She used to tease her lovers by keeping them waiting, and by constantly playing about with novel methods of intercourse, she could always bring the lascivious to her feet; so far from waiting to be invited by anyone she encountered, by cracking dirty jokes and wiggling her hips suggestively she would invite all who came her way, especially if they were still in their teens. Never was anyone so completely given over to unlimited self-indulgence. Often she would go to a dinner party with ten young men or more, all at the peak of their physical prowess and with fornication as their chief object in life, and would lie with all her fellow diners in turn the whole night long: when she had reduced them all to a state of physical exhaustion she would go to their menials, as many as thirty on occasion, and copulate with every one of them; but not even so could she satisfy her lust.

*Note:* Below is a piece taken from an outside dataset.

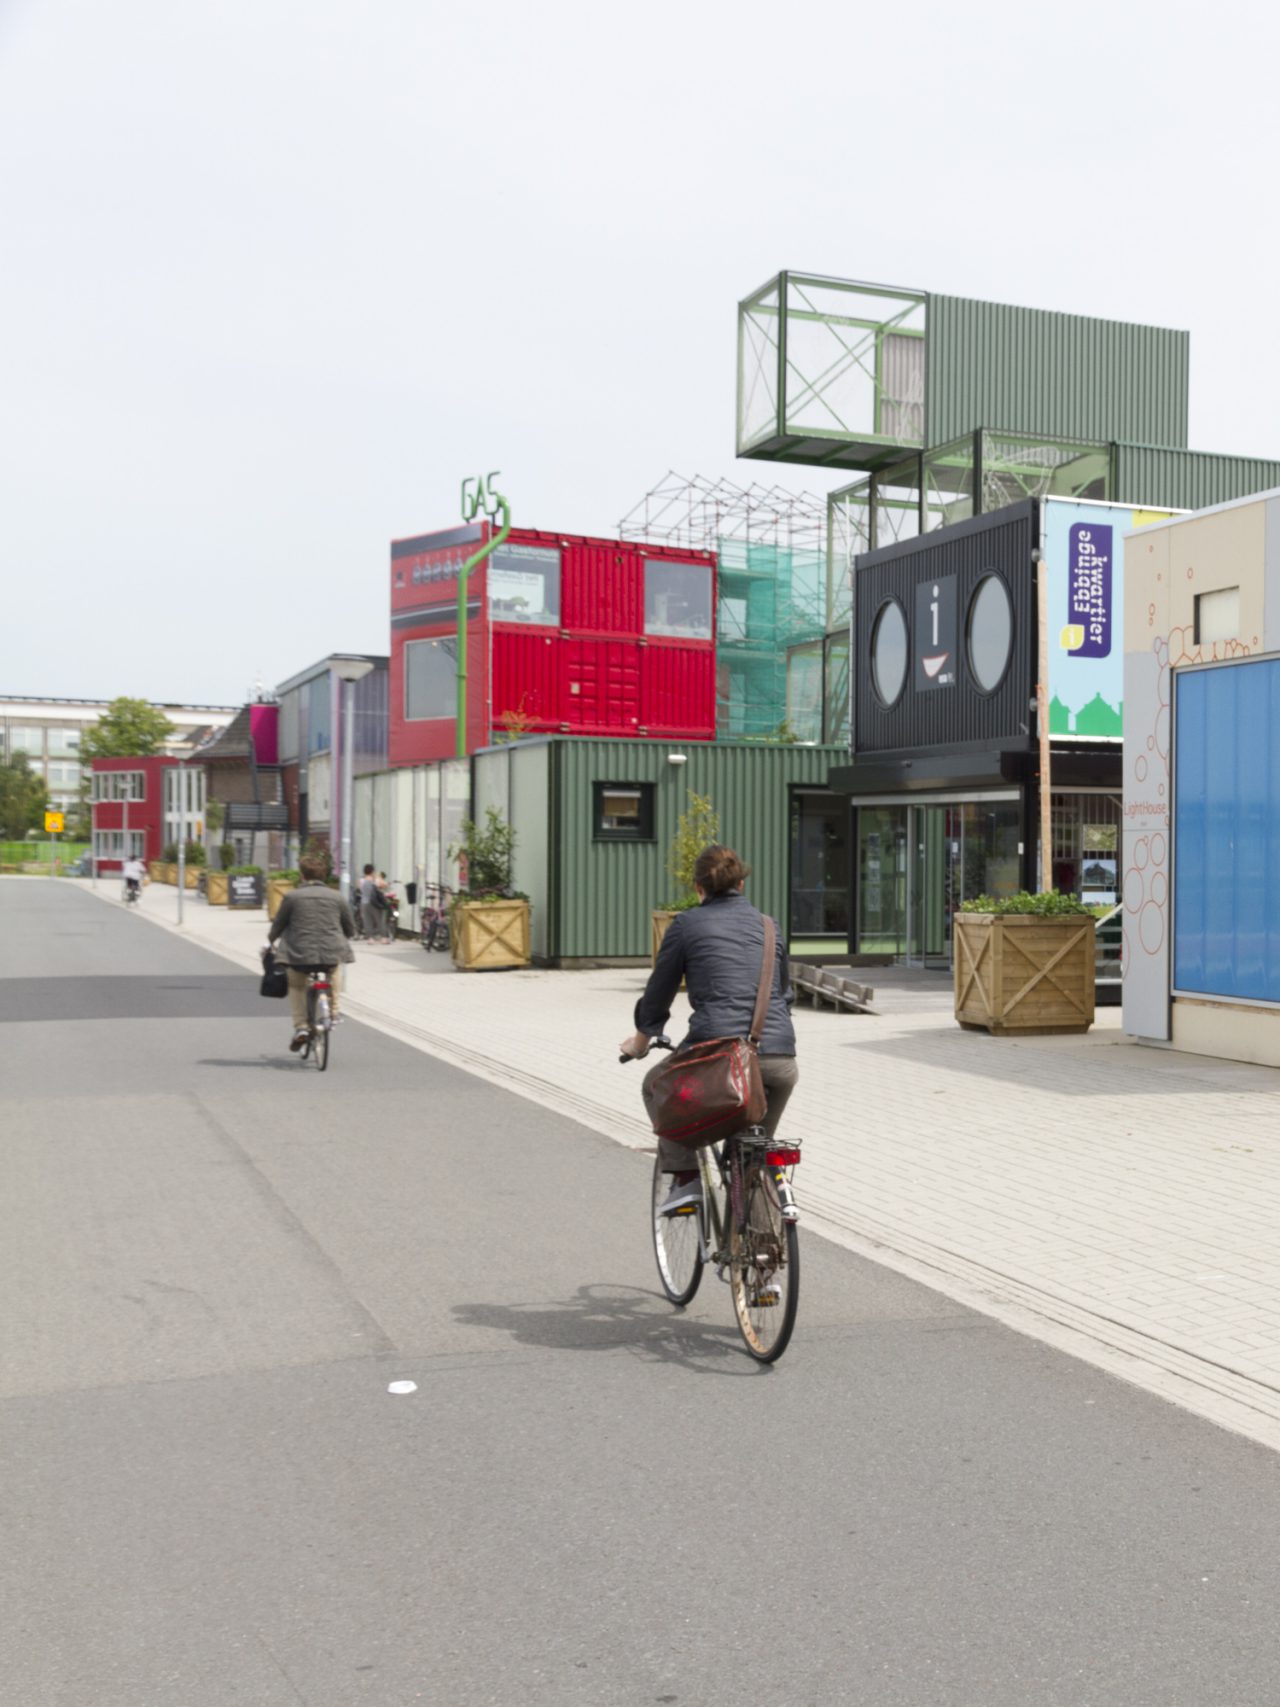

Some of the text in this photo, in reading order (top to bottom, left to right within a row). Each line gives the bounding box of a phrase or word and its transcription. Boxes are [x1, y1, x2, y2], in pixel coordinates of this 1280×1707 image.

[461, 470, 502, 519] GAS
[1073, 530, 1096, 612] Ebbinge
[1090, 556, 1107, 645] kwartier

And so it goes on, for (in the Penguin edition) 194 pages. It seems likely that Procopius had some personal grudge against the Empress, who may have been responsible for blocking his promotion or somehow harming his career. Even so, it is a remarkable testimony. At the end of the book, Procopius tells of Theodora’s attempts in her old age to control prostitution. Overcome with guilt for her former sins, she closed the brothels, bought up all the prostitutes, and put them in a former Imperial palace which she converted into a Convent of Repentance.

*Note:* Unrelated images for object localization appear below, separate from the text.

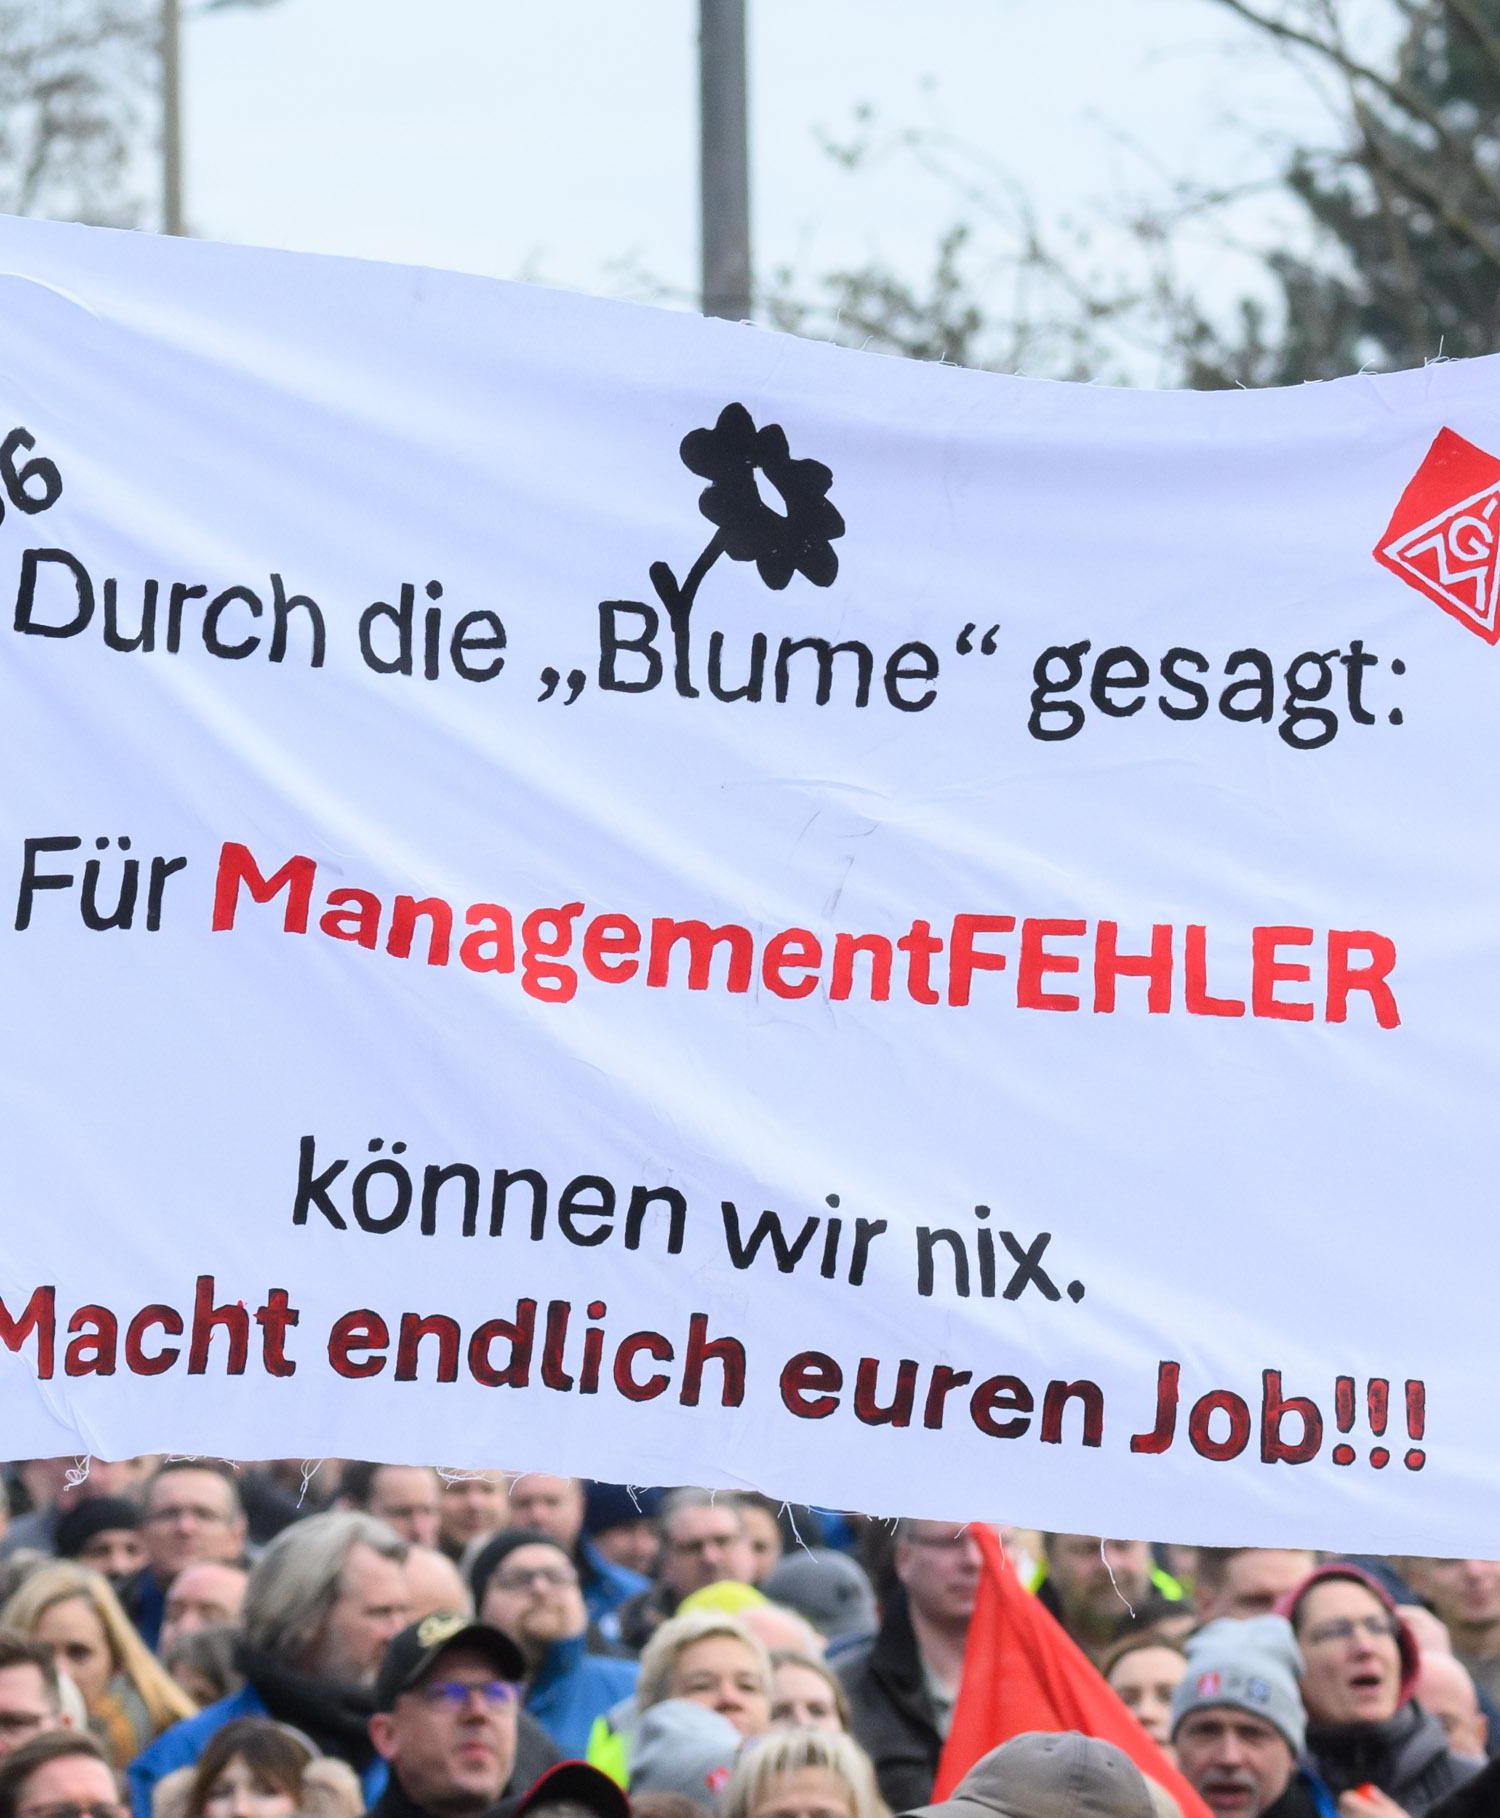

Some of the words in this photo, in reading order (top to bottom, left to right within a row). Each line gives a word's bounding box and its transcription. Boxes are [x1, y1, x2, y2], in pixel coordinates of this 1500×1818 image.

[14, 548, 325, 668] Durch
[359, 580, 506, 682] die
[1028, 640, 1405, 749] gesagt:
[15, 836, 187, 931] Für
[212, 842, 1401, 1029] ManagementFEHLER
[293, 1136, 687, 1254] können
[721, 1194, 887, 1286] wir
[917, 1206, 1085, 1303] nix.
[327, 1298, 746, 1407] endlich
[780, 1351, 1104, 1447] euren
[1130, 1361, 1425, 1471] Job!!!

But, notes Procopius, this was one of Theodora’s less popular enterprises. According to him, the girls found this new way of life so dull that most ‘flung themselves down from the parapet during the night’ rather than be turned into nuns.

In the cool of the evening I walked over to the Hippodrome. In what was once the stalls, where the violent Byzantine circus factions once knifed it out, large Turkish ladies in headscarves now sit quietly gossiping on park benches. Their husbands squat nearby, under the chestnuts, cracking pistachio nuts. The occasional salesman with a glass cupboard on wheels wanders past, hawking paper cones full of chickpeas. Gulls hover silently overhead. It is strange to think that the hippodrome once held 120,000 people – double the present-day capacity of Wembley Stadium.

The obelisk of the Emperor Theodosius still stands in the centre of the old racetrack, rising from the plinth where it was placed in the 430s. A carving on the side shows the cat’s-cradle of ropes and pulleys which was used to raise it. On another face is carved a picture of the Emperor in the imperial baldachin overlooking the races; these are illustrated at the base with a series of small relief carvings of what look like horse-drawn bathtubs.

Between the Emperor and the charioteers stand his bodyguard, a remarkably effeminate gaggle of fops with long floppy 1970s fringes, every bit as willowy as St John Damascene’s blood-and-fire sermons might have led one to expect. Certainly these gentle cosmopolitans not only look remarkably unthreatening, they appear to be much more interested in the races than in guarding the Emperor. Here could lie part of the explanation for the large number of successful assassination attempts in Byzantine history.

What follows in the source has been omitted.